Éramos 22 pastores/as de 19 diferentes países: Brasil, Guiana, México, EUA, Canadá, África do Sul, Gana, Tanzânia, Austrália, Cingapura, Índia, Malásia, Indonésia, Tailândia, Islândia, Noruega, Finlândia, Eslováquia e Alemanha. A equipe coordenadora era composta de alemães. O professor era um alemão que atua em Estrasburgo/França e a professora, uma norte-americana atuando em Tóquio/Japão. Por isso, os seminários são ministrados em inglês. No entanto, havia momentos em que podíamos nos expressar em nossa língua materna, como em algumas orações e no Pai Nosso (você consegue imaginá-lo sendo orado simultaneamente em 15 diferentes idiomas?).
Minha viagem ocorreu entre 1º e 17 de novembro, desde a saída e o retorno a Joinville. Na Alemanha, passamos quase todo o tempo em Wittenberg. Porém, tivemos ainda um sábado inteiro na fantástica Berlim, bem no dia das comemorações dos 30 anos da queda do Muro, e uma ida a Bad Schmiedeberg, pequena cidade distante cerca de 30 km de Wittenberg, na qual convivemos com pessoas da Paróquia num encontro de idosos e num culto noturno.

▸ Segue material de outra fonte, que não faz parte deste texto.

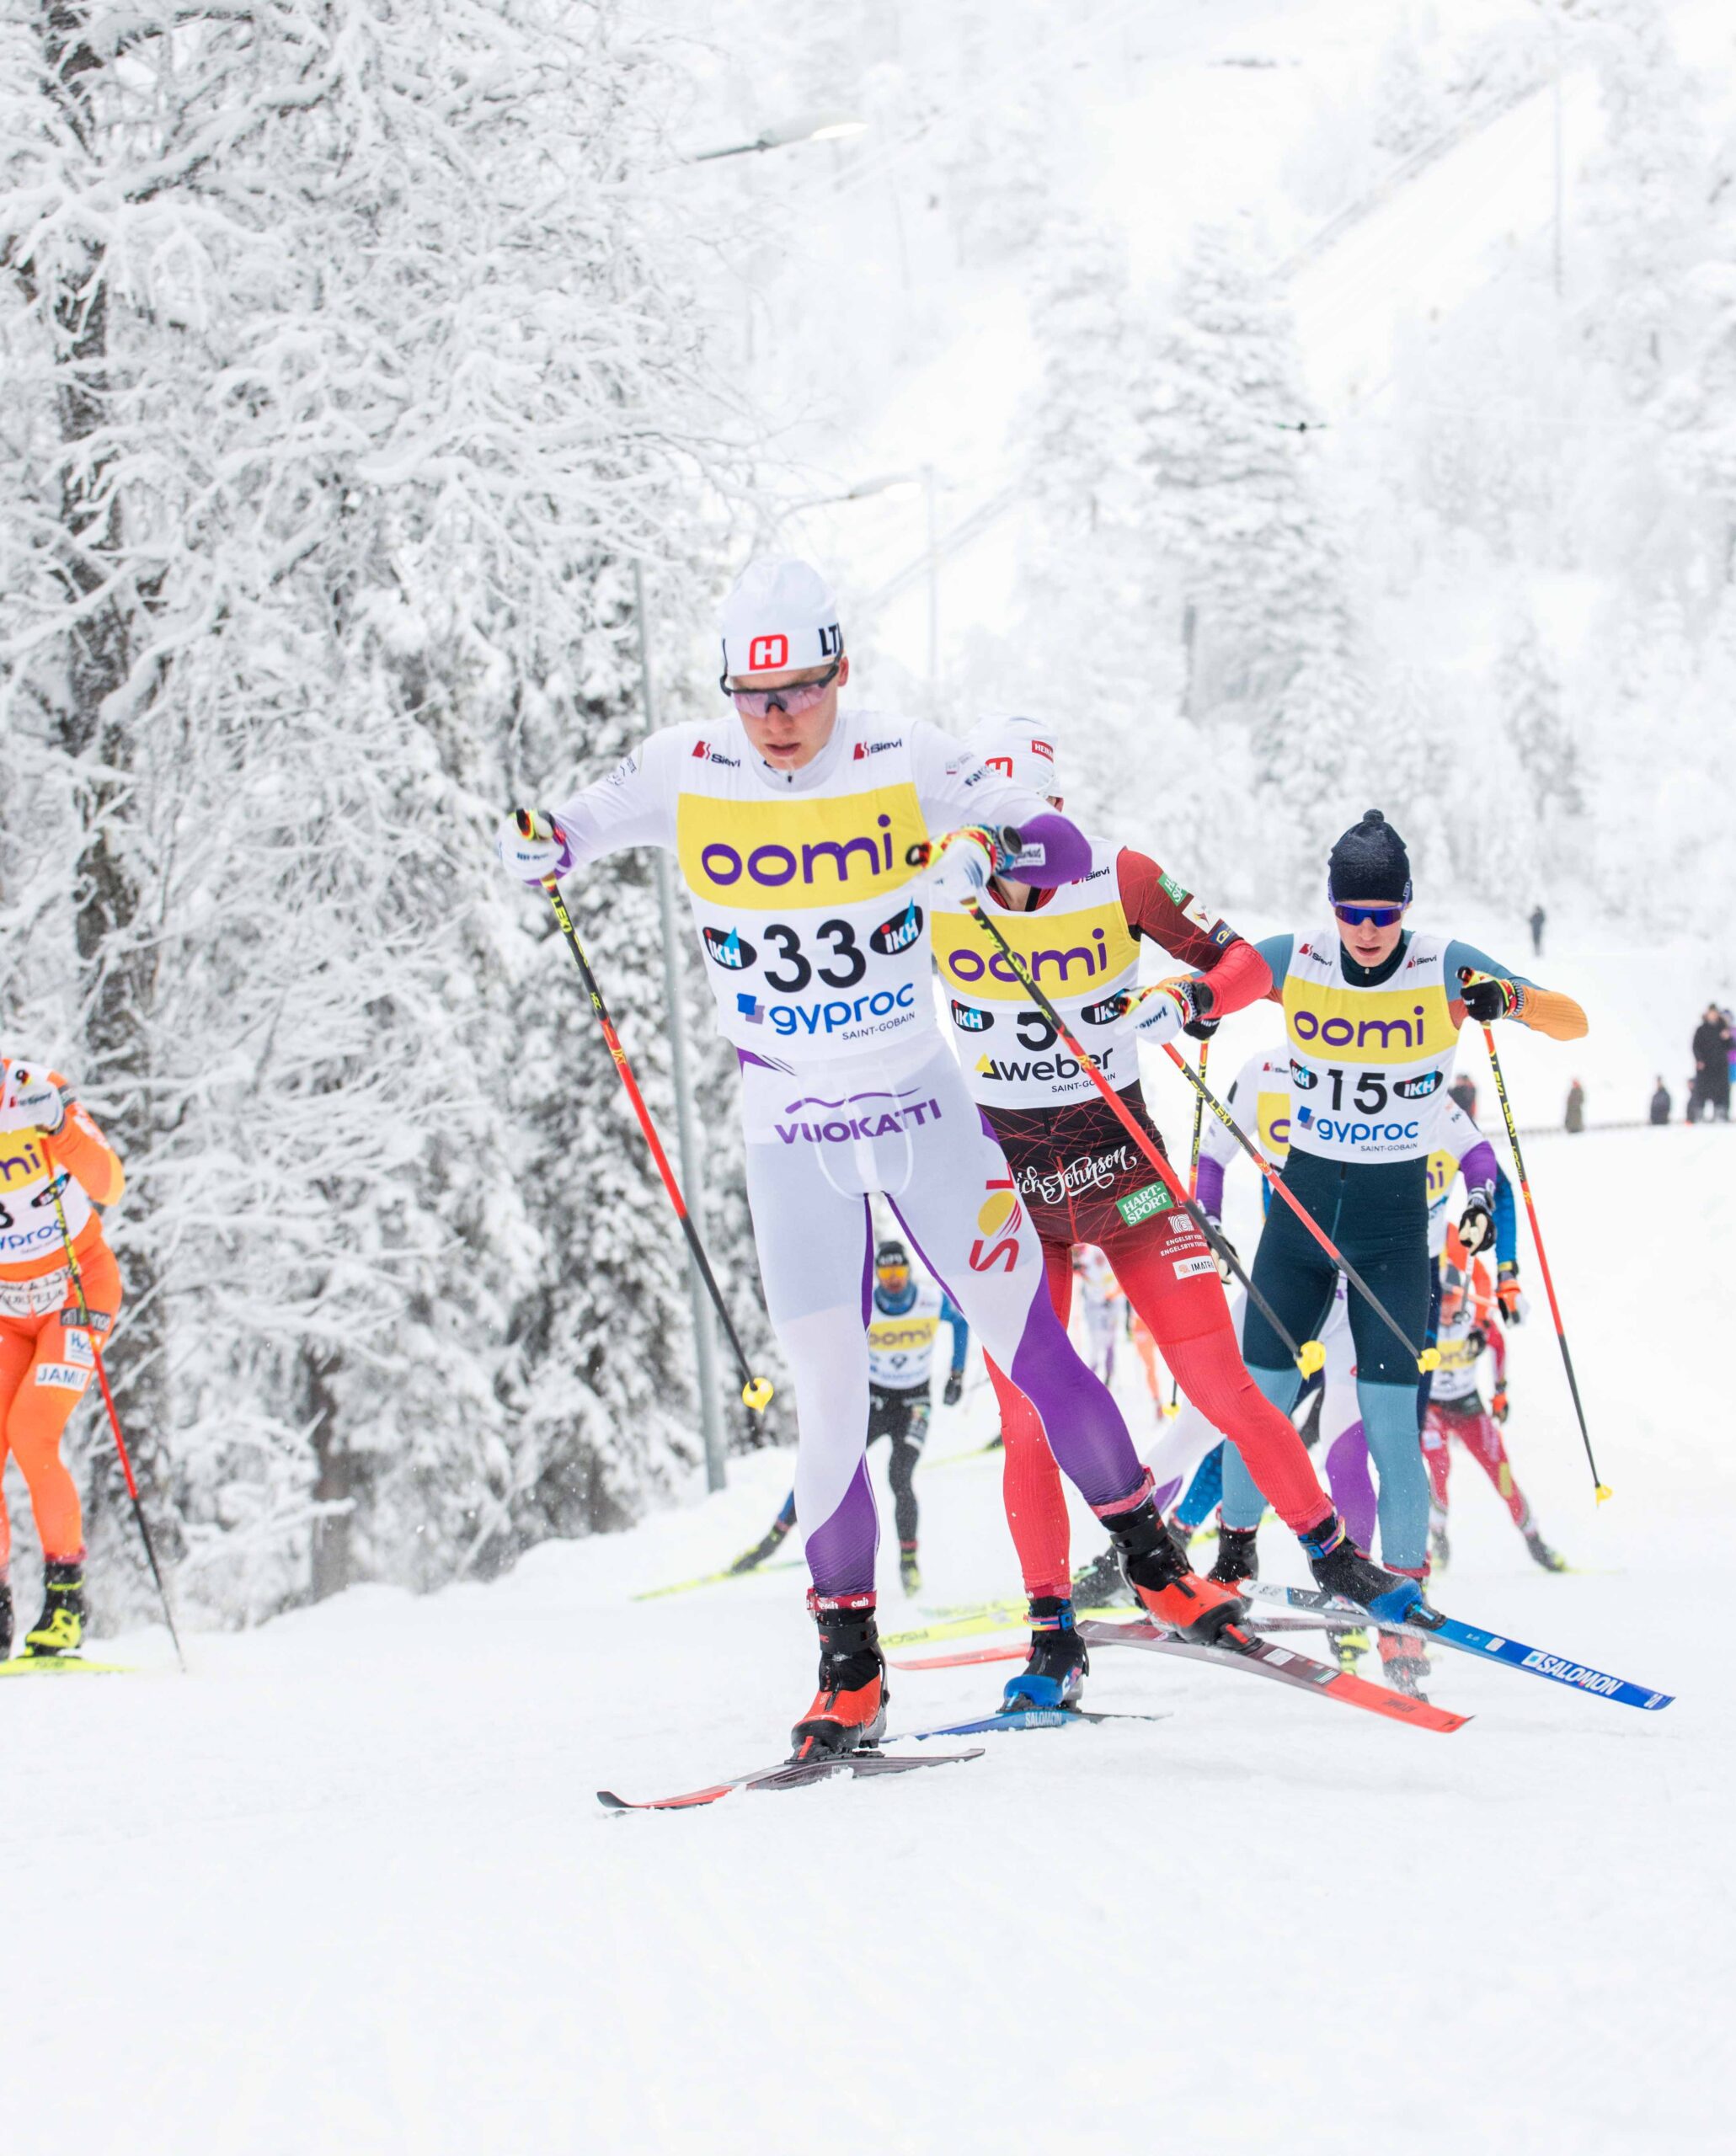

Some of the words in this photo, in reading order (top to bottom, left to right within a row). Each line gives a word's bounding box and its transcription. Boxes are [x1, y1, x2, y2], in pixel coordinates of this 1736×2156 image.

[711, 753, 741, 768] Sievi
[870, 739, 903, 755] Sievi
[702, 814, 893, 887] oomi
[763, 919, 867, 993] 33
[948, 928, 1108, 983] oomi
[1416, 954, 1439, 966] Sievi
[769, 983, 915, 1036] gyproc
[842, 1011, 916, 1040] SAINT-GOBAIN
[1294, 1006, 1424, 1049] oomi
[1327, 1068, 1388, 1115] 15
[774, 1098, 943, 1145] VUOKATTI
[1317, 1119, 1418, 1145] gyproc
[1360, 1142, 1418, 1152] SAINT-GOBAIN
[1123, 1184, 1162, 1215] HART-
[1127, 1192, 1167, 1225] SPORT
[1539, 1657, 1624, 1696] SALOMON
[1025, 1711, 1063, 1727] SALOMON

Durante a semana, as manhãs começavam com devoções conjuntas e depois tínhamos as aulas com o tema do Seminário. Nas tardes e noites, a programação variava: visitas a lugares históricos e comemorativos aos 500 anos da Reforma (casas do casal Catarina e Lutero e de Melanchton, Igrejas do Castelo e da Cidade, Panorama 360º “Lutero 1517”, Jardim de Lutero – com árvores simbolizando a comunhão entre as Igrejas protestantes); apresentação de ações da FLM e diálogo com seu representante vindo de Genebra/Suíça; apresentação sobre o Instituto Ecumênico para Pesquisa em Estrasburgo; apresentação dos países e Igrejas participantes do Seminário (cada um de nós elaborou a sua em língua inglesa); práticas e celebrações litúrgicas; conversa com pastores assistentes da região (assim é chamado quem realiza o equivalente ao nosso Período Prático de Habilitação ao Ministério); noite de cantos com um pastor queniano residente na cidade; momentos de diálogo sobre temas estudados e impressões das programações do dia; dinâmicas de integração entre os participantes; equipes de preparação de jantares com pratos típicos de alguns países; ida à Prefeitura de Wittenberg, onde o prefeito local nos recepcionou. Aos domingos, participamos em cultos nas Igrejas do Castelo e da Cidade. Em alguns momentos, tivemos tempo livre – usado para caminhadas, breves passeios, convivência e leituras preparatórias para a aula do dia seguinte. Na nossa última noite juntos, houve um jantar temático dos tempos da Reforma, com comida típica da época (a batata ainda não havia sido levada dos Andes à Europa). Enfim, pude ver, ouvir, tocar e até degustar a História.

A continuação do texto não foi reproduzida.